El Foro uzbeko-alemán de los DDHH señala que la coerción constituye el elemento central del sistema de producción de algodón en Uzbekistán, donde las cuotas del gobierno para la producción pueden ser ejecutadas con golpizas y humillación pública, según un informe publicado en noviembre del año pasado.

En un reporte emitido por el Servicio de Agricultura Extranjera estadounidense, hay 50 empresas conjuntas establecidas con empresas turcas, alemanas, surcoreanas, suizas y japonesas. Según el informe la inversión extranjera superó los 2 mil millones de dólares en el año 2013. El país es proveedor de algodón a China, Bangladesh y Rusia. Sin embargo, la producción impregnada por malas prácticas anteriormente ha afectado la reputación de empresas como H&M, empresa que ha señalado que ha tomado medidas para evitar el uso de algodón uzbeko.

El país es el estado vecino de Afganistán, debido a esto, ha funcionado como un sitio clave para EEUU durante toda la operación militar y la guerra en Afganistán. Recientemente, el diario VOA dio a conocer que EEUU está suministrando con armas al gobierno autoritario uzbeko, a pesar de la grave situación de los derechos humanos en el país, donde el presidente autoritario, Islam Karimov, ha gobernado por más de 25 años. Según HRW,  Uzbekistán funciona bajo un sistema pervasivo de seguridad donde la respuesta contra sus oponentes es fuerte, violenta y la práctica de tortura es endémica. El país no practica libertad de religión, expresión o ningún tipo de oposición política, reporta la organización de los DDHH.

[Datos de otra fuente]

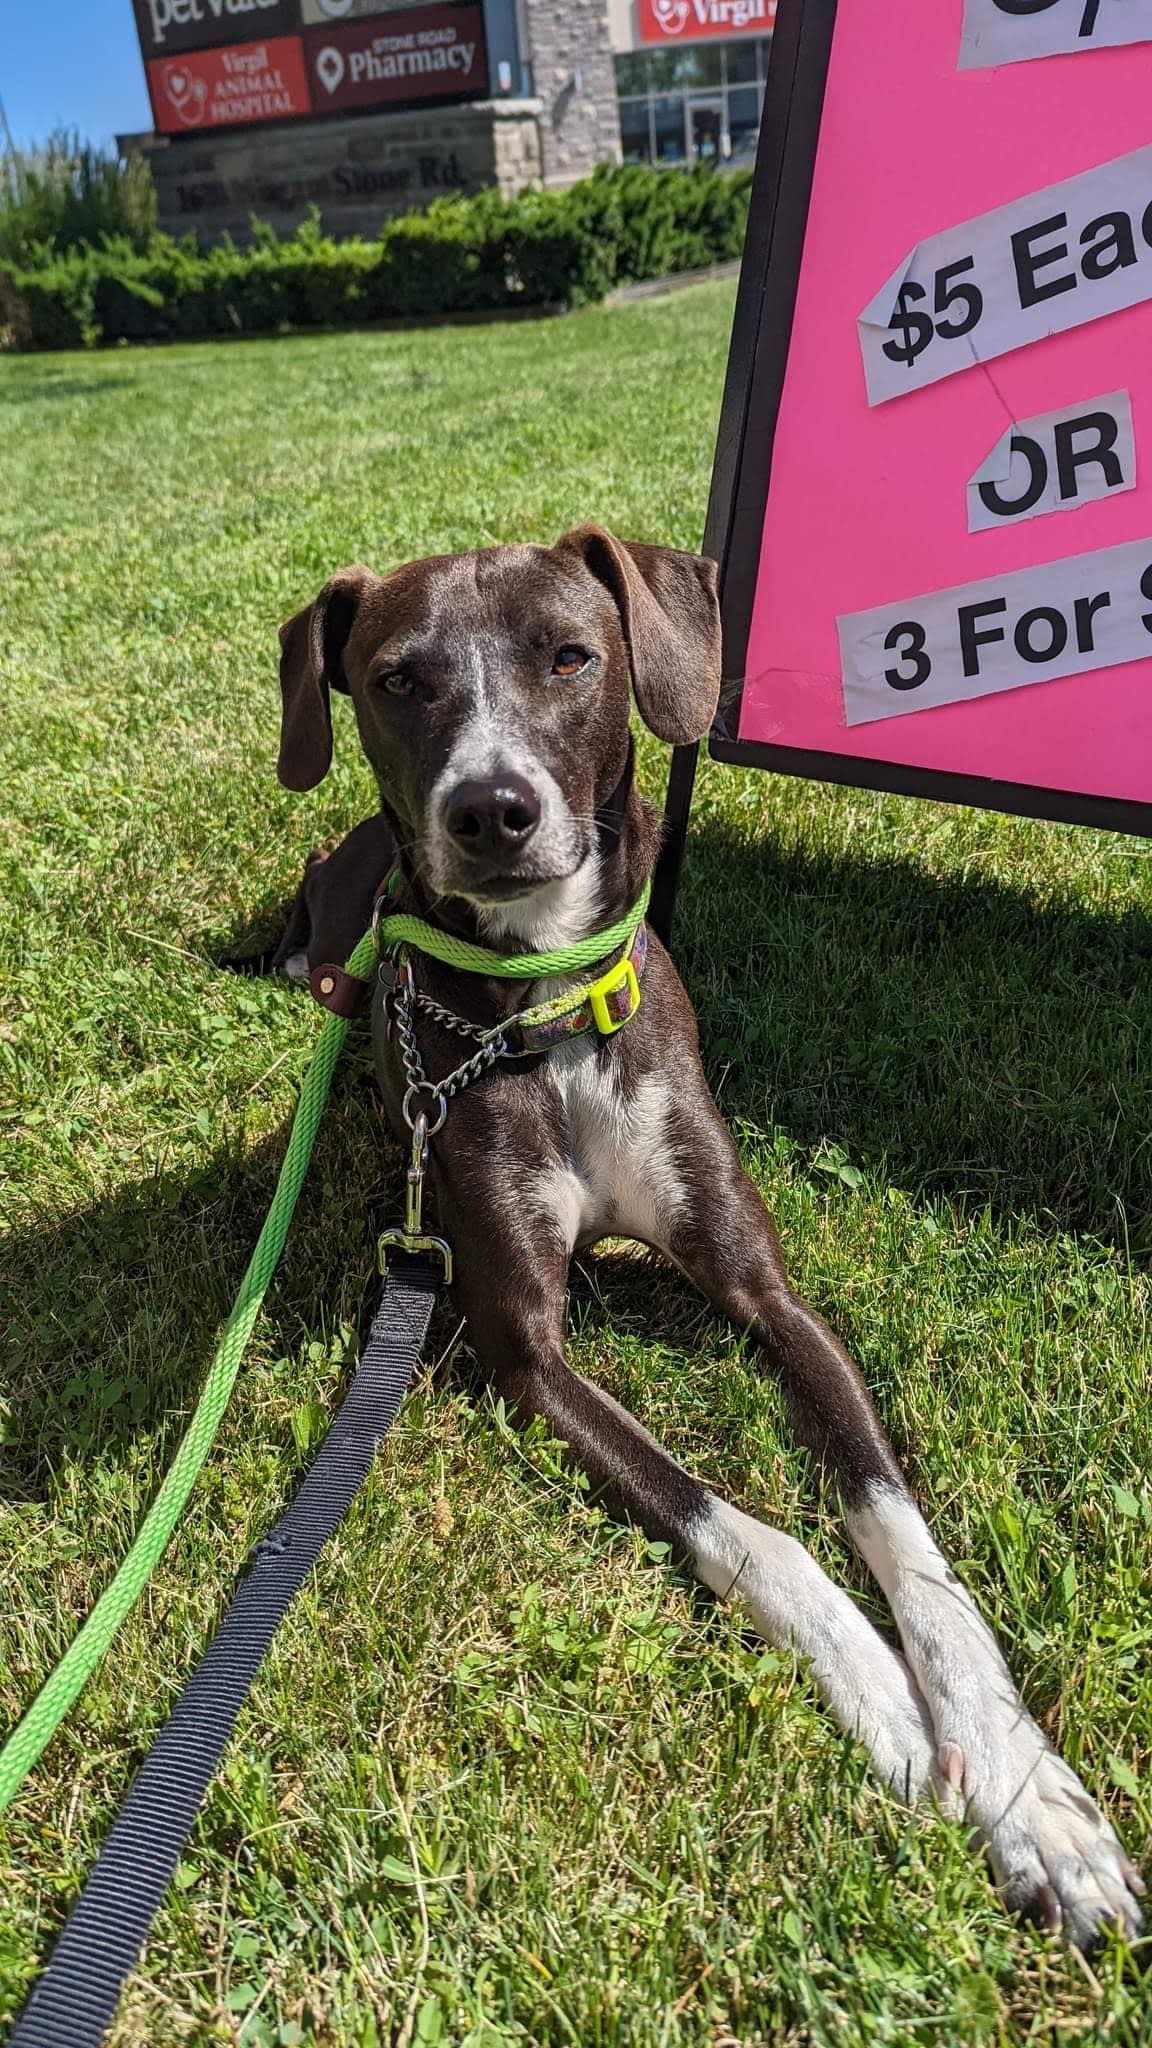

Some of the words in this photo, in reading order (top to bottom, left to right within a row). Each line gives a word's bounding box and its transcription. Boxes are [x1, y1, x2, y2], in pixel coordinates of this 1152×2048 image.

[371, 34, 416, 54] STONE
[417, 27, 457, 45] ROAD
[221, 47, 269, 75] Virgil
[349, 41, 475, 83] Pharmacy
[215, 70, 285, 99] ANIMAL
[210, 91, 296, 121] HOSPITAL
[882, 254, 984, 368] $5
[1010, 198, 1152, 310] Ea
[977, 411, 1125, 516] OR
[883, 620, 932, 692] 3
[958, 590, 1111, 678] For

En el año 2011, la hija de Karimov, Gulnara Karimova, fue privada de participar con su colección de moda en New York Fashion Week, parcialmente porque algunas de sus prendas estaban hechas con algodón uzbeko. En el año 2005, el gobierno llevó a cabo una masacre en la ciudad de Andijon. Según algunos reportes, el gobierno asesinó hasta 1,500 personas que estaban manifestándose contra el gobierno y sus prácticas de represión.